- _Task to carry out_:
Word for word, restate the listing that follows and leave out the images.

- _Information supplied_:
Content starts

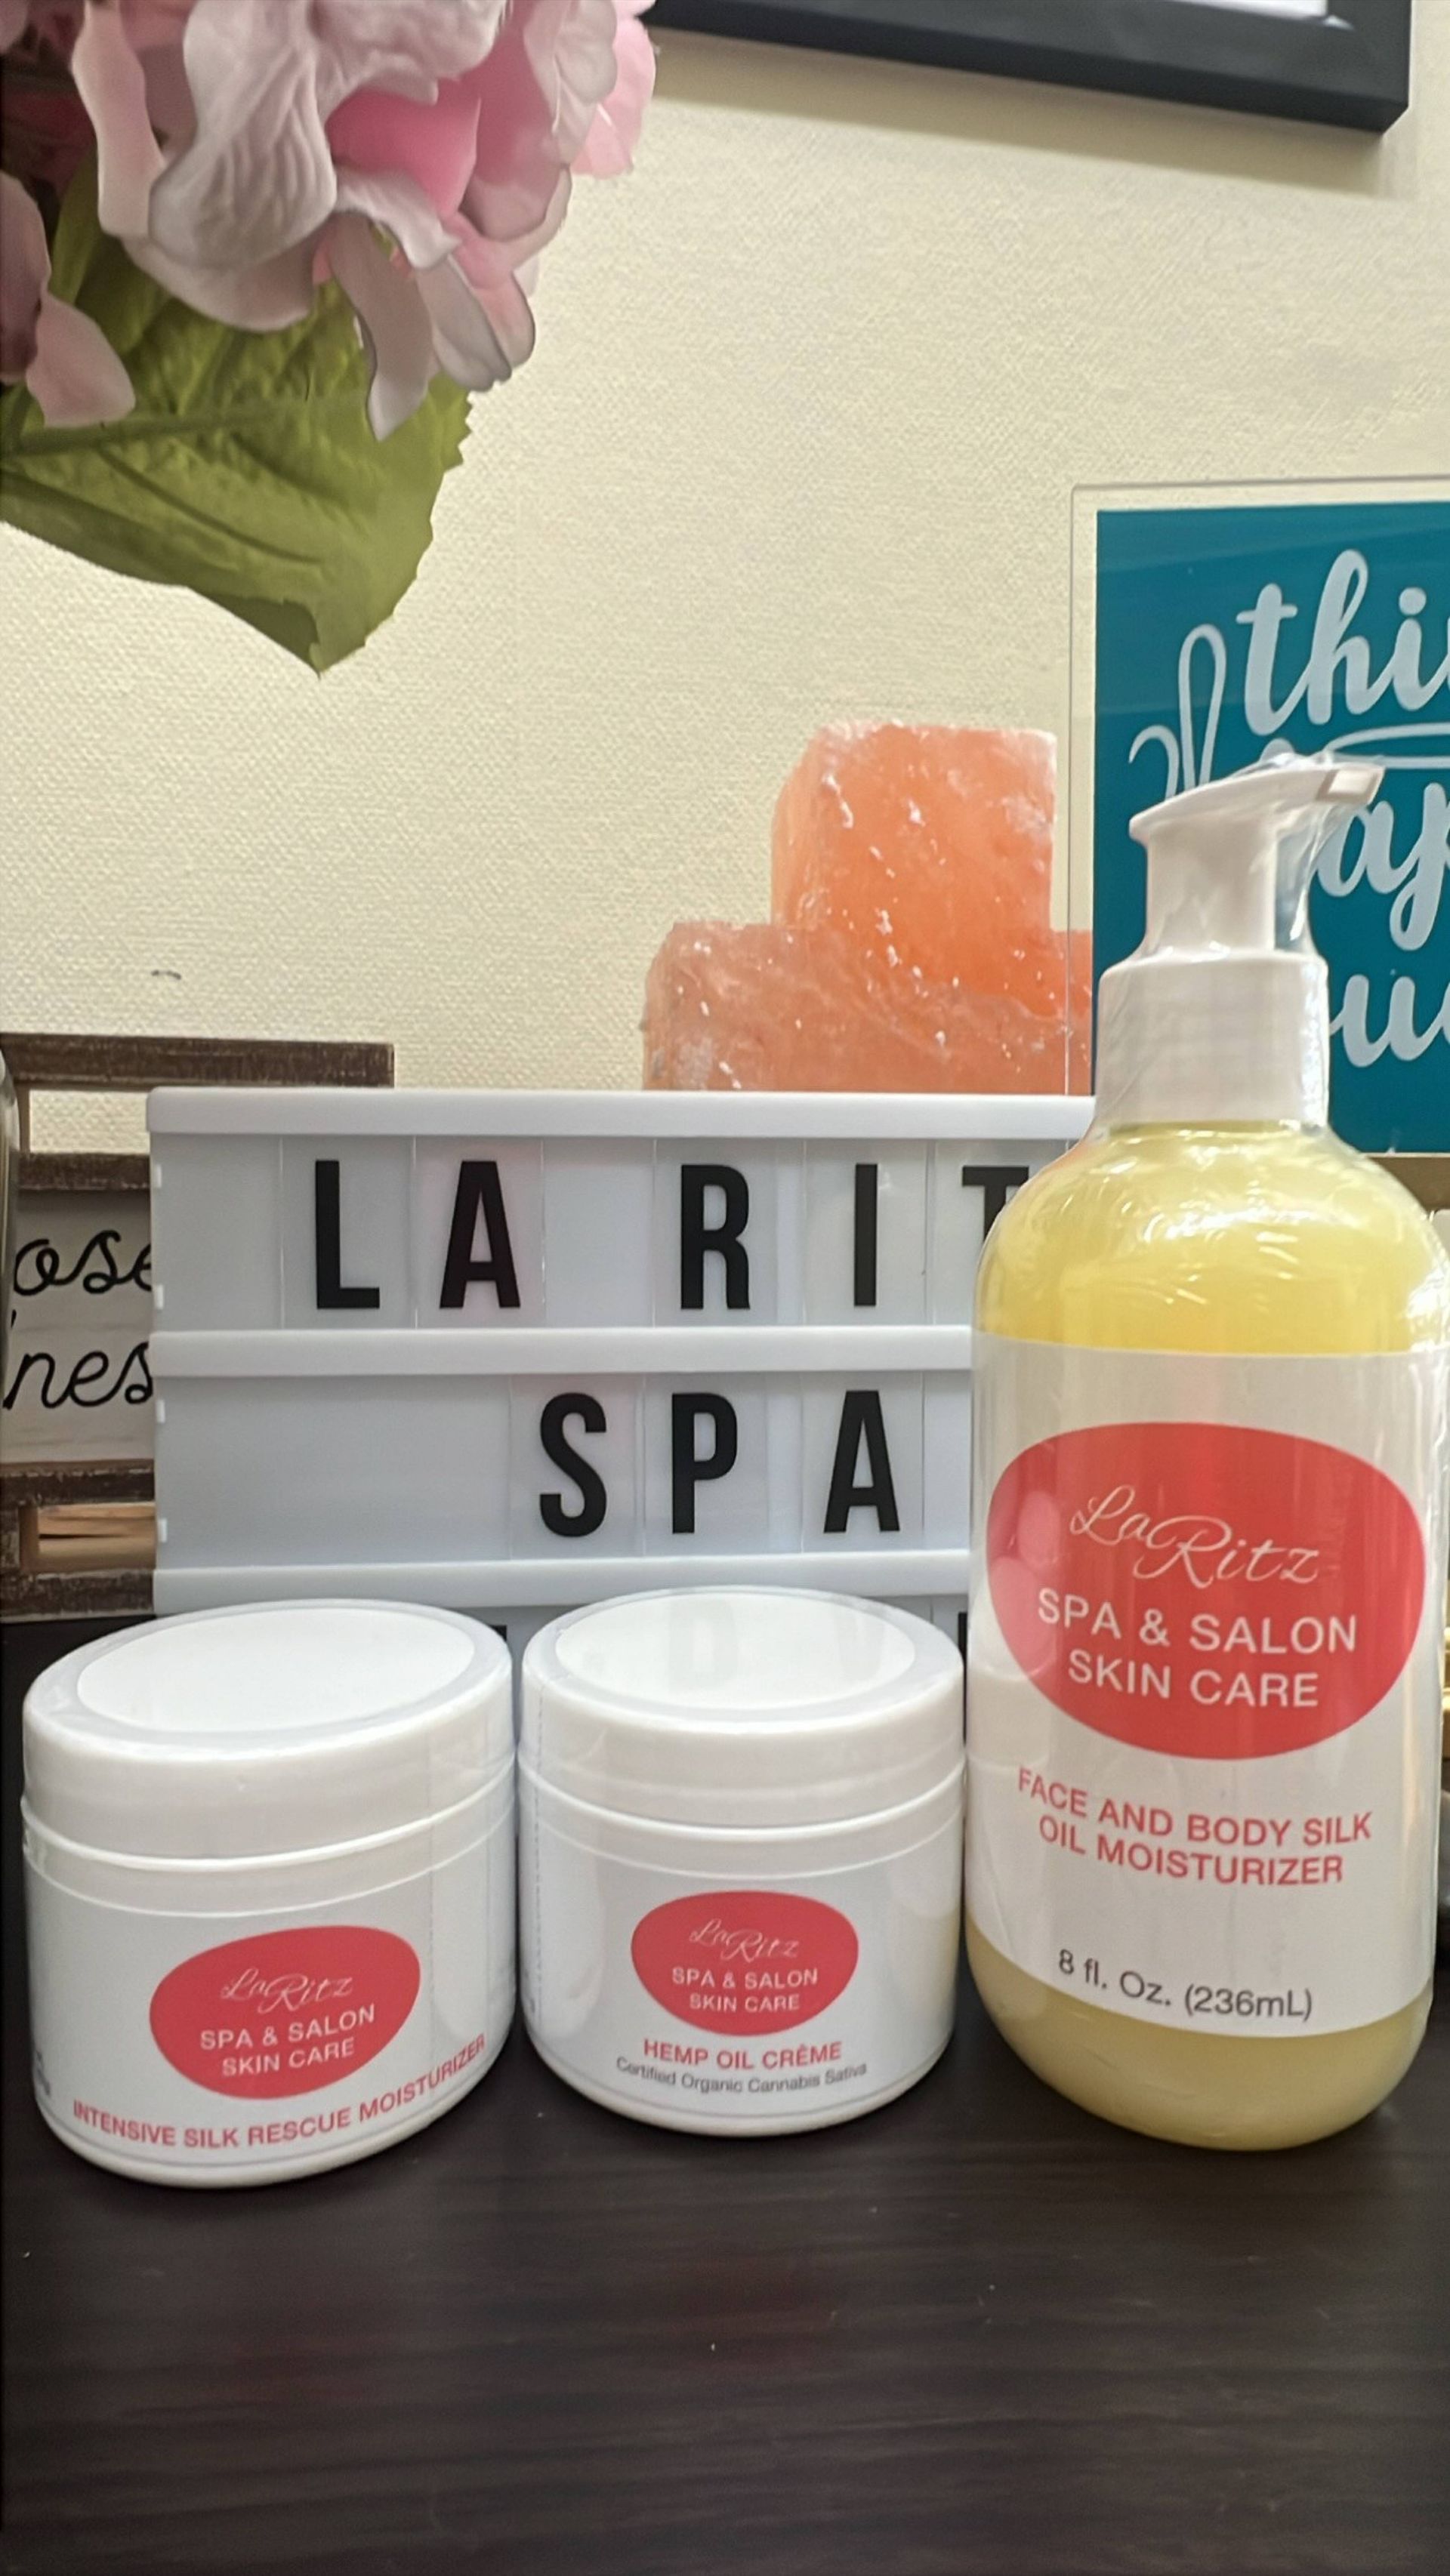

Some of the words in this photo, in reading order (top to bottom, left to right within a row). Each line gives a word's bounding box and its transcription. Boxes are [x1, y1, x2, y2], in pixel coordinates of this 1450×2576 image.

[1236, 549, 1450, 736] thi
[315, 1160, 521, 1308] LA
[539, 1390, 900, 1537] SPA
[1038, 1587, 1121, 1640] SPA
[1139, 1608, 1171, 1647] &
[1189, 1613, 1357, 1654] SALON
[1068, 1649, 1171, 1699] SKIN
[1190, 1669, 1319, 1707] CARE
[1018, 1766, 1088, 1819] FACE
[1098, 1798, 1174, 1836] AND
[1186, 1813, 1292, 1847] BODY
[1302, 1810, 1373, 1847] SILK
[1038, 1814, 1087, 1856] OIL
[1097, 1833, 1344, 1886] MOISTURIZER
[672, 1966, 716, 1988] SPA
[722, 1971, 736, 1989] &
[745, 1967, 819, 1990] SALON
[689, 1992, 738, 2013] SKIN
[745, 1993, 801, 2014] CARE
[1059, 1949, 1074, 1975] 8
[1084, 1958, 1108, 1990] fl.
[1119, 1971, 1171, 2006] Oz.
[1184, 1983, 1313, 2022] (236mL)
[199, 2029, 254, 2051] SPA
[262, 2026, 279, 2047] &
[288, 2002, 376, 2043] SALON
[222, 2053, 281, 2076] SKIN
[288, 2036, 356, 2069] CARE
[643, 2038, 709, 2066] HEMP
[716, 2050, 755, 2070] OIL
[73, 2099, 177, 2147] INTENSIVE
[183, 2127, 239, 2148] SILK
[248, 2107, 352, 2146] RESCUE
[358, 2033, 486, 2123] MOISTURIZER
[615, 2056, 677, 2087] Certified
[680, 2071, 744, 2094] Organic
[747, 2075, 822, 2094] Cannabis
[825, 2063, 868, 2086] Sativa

Content ends

- _Problem solution_:
Some of the words in this photo, in reading order (top to bottom, left to right within a row). Each line gives a word's bounding box and its transcription. Boxes are [x1, y1, x2, y2], in pixel coordinates of this 1450×2576 image.

[1236, 549, 1450, 736] thi
[315, 1160, 521, 1308] LA
[539, 1390, 900, 1537] SPA
[1038, 1587, 1121, 1640] SPA
[1139, 1608, 1171, 1647] &
[1189, 1613, 1357, 1654] SALON
[1068, 1649, 1171, 1699] SKIN
[1190, 1669, 1319, 1707] CARE
[1018, 1766, 1088, 1819] FACE
[1098, 1798, 1174, 1836] AND
[1186, 1813, 1292, 1847] BODY
[1302, 1810, 1373, 1847] SILK
[1038, 1814, 1087, 1856] OIL
[1097, 1833, 1344, 1886] MOISTURIZER
[672, 1966, 716, 1988] SPA
[722, 1971, 736, 1989] &
[745, 1967, 819, 1990] SALON
[689, 1992, 738, 2013] SKIN
[745, 1993, 801, 2014] CARE
[1059, 1949, 1074, 1975] 8
[1084, 1958, 1108, 1990] fl.
[1119, 1971, 1171, 2006] Oz.
[1184, 1983, 1313, 2022] (236mL)
[199, 2029, 254, 2051] SPA
[262, 2026, 279, 2047] &
[288, 2002, 376, 2043] SALON
[222, 2053, 281, 2076] SKIN
[288, 2036, 356, 2069] CARE
[643, 2038, 709, 2066] HEMP
[716, 2050, 755, 2070] OIL
[73, 2099, 177, 2147] INTENSIVE
[183, 2127, 239, 2148] SILK
[248, 2107, 352, 2146] RESCUE
[358, 2033, 486, 2123] MOISTURIZER
[615, 2056, 677, 2087] Certified
[680, 2071, 744, 2094] Organic
[747, 2075, 822, 2094] Cannabis
[825, 2063, 868, 2086] Sativa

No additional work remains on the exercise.